L'estate di Tim sarà caratterizzata dall'EDGE, mentre per l'UMTS si dovrà attendere il natale 2004. A rivelarlo Mauro Sentinelli, direttore generale di Tim, in una intervista a La Repubblica. "Ad aprile distribuiremo i primi cellulari EDGE - ha detto Sentinelli - un'evoluzione del GSM che fa le stesse identiche cose dell’UMTS tranne una: la videotelefonata".
Secondo Sentinelli, tutti i maggiori operatori europei partiranno in primavera con l'EDGE, perché non è possibile riversare di colpo sulle reti 3G tutti gli abbonati attuale del GSM. "Tim ha 30 MHz di banda GSM su cui passano 26 milioni di utenti - ha commentato il direttore generale di Tim - mentre l’UMTS ha 10 MHz. Il problema è far entrare 26 milioni di utenti che oggi usano 30 MHz per servizi a banda stretta, nei soli 10 MHz dell’UMTS con servizi a banda larga".
Ma l'addio al GSM non può essere improvviso anche per il valore della rete GSM: "Sono cinque miliardi di euro di investimento, un asset che ancora oggi funziona alla perfezione. Perché dovremmo buttarlo via? Da una parte c'è la rete 3G nuova, da mettere a punto e non troppo capiente.
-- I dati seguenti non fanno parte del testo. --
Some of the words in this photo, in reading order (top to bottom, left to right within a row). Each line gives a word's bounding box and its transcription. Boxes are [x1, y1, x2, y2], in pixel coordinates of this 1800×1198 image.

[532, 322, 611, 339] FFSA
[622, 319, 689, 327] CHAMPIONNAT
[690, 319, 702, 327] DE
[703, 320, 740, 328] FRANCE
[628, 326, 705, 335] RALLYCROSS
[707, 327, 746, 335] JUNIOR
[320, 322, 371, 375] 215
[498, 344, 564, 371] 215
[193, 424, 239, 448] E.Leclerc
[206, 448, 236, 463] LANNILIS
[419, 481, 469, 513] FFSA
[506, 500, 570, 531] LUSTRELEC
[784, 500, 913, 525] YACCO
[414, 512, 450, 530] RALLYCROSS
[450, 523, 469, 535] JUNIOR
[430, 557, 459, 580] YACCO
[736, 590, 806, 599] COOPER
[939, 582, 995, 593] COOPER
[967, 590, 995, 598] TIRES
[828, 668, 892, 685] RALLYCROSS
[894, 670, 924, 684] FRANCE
Dall'altra una rete GSM già rodata che può grazie all'EDGE offrire parte dei servizi di terza generazione".
Il passaggio è reso possibile dai bassi investimenti ("qualche centinaio di milioni contro i miliardi della rete 3G") necessari ad implementare l'EDGE su rete GSM. La tecnologia 2G è vicina come prestazioni a quella 3G: "L’EDGE porta la rete GSM dai 38 kbps massimi del GPRS ai 200 Kbps, poco più della metà dei 384 Kbps dell'UMTS. Come velocità media, si passa dai 22 kbps del GPRS a 150170 di EDGE, vicini ai 230260 dell’UMTS. In più la nuova evoluzione del GSM permette di far gestire alla rete le diverse esigenze dell’utente: la rete riconosce il servizio a cui l’utente sta accedendo e lo instrada, a seconda della disponibilità e della quantità di banda richiesta, sull’una o sull’altra rete".
Se per i terminali EDGE non si rischia la carenza come accade per le 3G, il vero problema "resta l’integrazione delle due tecnologie. L’obiettivo ambizioso è di avere un terminale universale in grado di gestire due standard e quattro bande di frequenza (850, 900, 1800 e 1900 MHz)".
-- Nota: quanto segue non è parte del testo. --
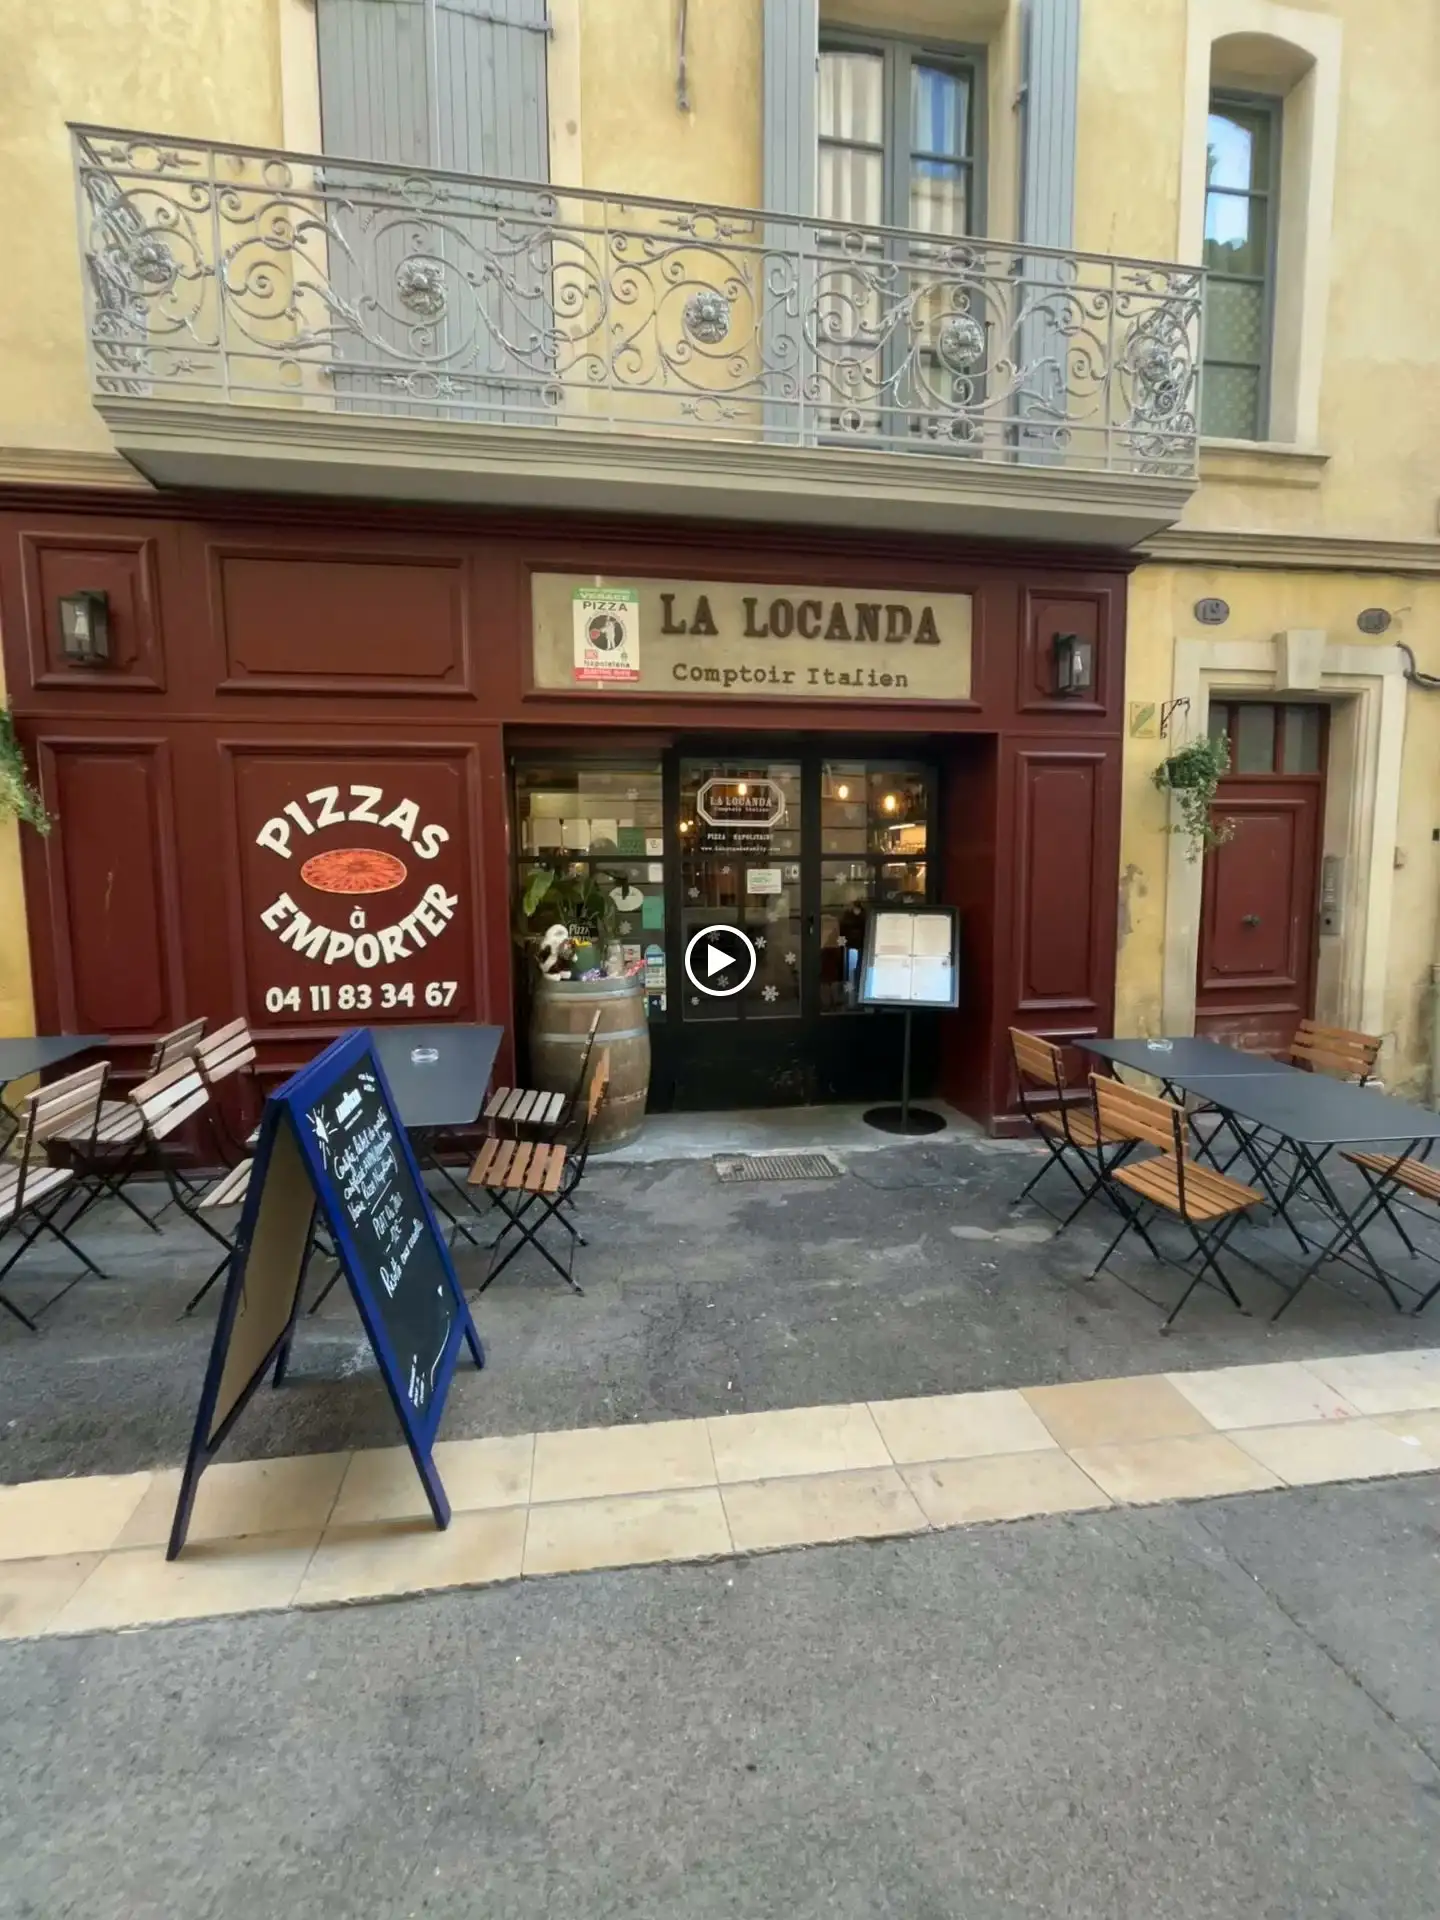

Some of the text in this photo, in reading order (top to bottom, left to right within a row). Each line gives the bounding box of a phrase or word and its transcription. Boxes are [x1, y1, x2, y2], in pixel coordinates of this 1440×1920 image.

[583, 601, 628, 611] PIZZA
[660, 593, 941, 644] LA LOCANDA
[672, 663, 909, 687] Comptoir Italien
[710, 797, 772, 807] LA LOCANDA
[255, 784, 450, 859] PIZZAS
[260, 883, 459, 969] EMPORTER
[350, 905, 366, 929] à
[265, 981, 458, 1013] 04 11 83 34 67
Lanciato l'EDGE, Tim si concentrerà sull'UMTS: "A giugno venderemo le prime migliaia di terminali 3G, ma il vero lancio sarà a Natale. Già nel primo trimestre 2005 si potranno vedere i risultati in termini di ARPU, con un incremento significativo della spesa media di ogni utente". Se Wind non ha ancora svelato i propri piani sulle 3G, Vodafone si prepara al lancio commerciale, che avverrà tra poco più di un mese.